Coal from Market Trends

Renewable energy sources lead rise in primary energy consumption

Figure 73. Primary energy use by fuel, 1980-2035figure data

With the exception of petroleum and other liquids, which falls through 2032 before increasing slightly in the last 3 years of the projection, consumption of all fuels increases in the AEO2012 Reference case.
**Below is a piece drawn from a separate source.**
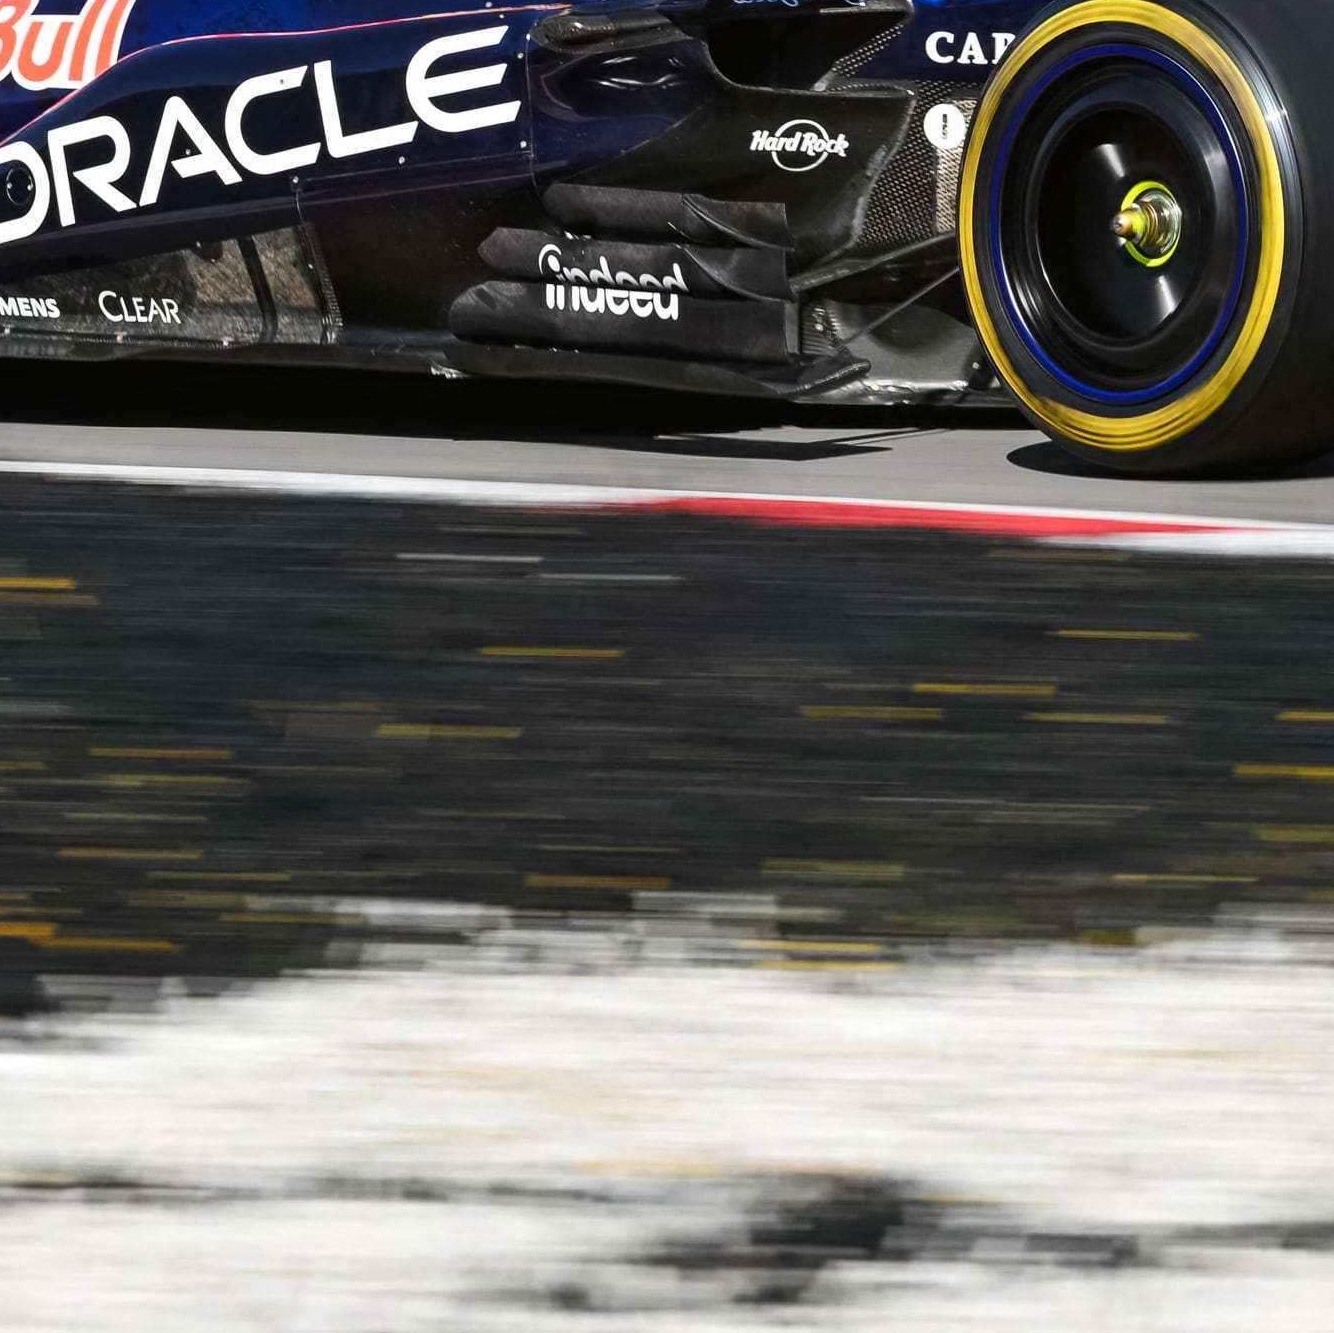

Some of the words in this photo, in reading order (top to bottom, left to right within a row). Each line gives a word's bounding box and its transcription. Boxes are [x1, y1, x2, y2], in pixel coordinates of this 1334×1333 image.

[750, 130, 803, 152] Hard
[799, 132, 849, 157] Rock
[538, 243, 690, 321] indeed
[98, 290, 182, 325] CLEAR
In addition, coal consumption increases at a relatively weak average rate of less than 0.1 percent per year from 2010 to 2035, remaining below 2010 levels until after 2031. As a result, the aggregate fossil fuel share of total energy use falls from 83 percent in 2010 to 77 percent in 2035, while renewable fuel use grows rapidly (Figure 73). The renewable share of total energy use (including biofuels) increases from 8 percent in 2010 to 14 percent in 2035 in response to the Federal RFS, availability of Federal tax credits for renewable electricity generation and capacity, and State renewable portfolio standard (RPS) programs.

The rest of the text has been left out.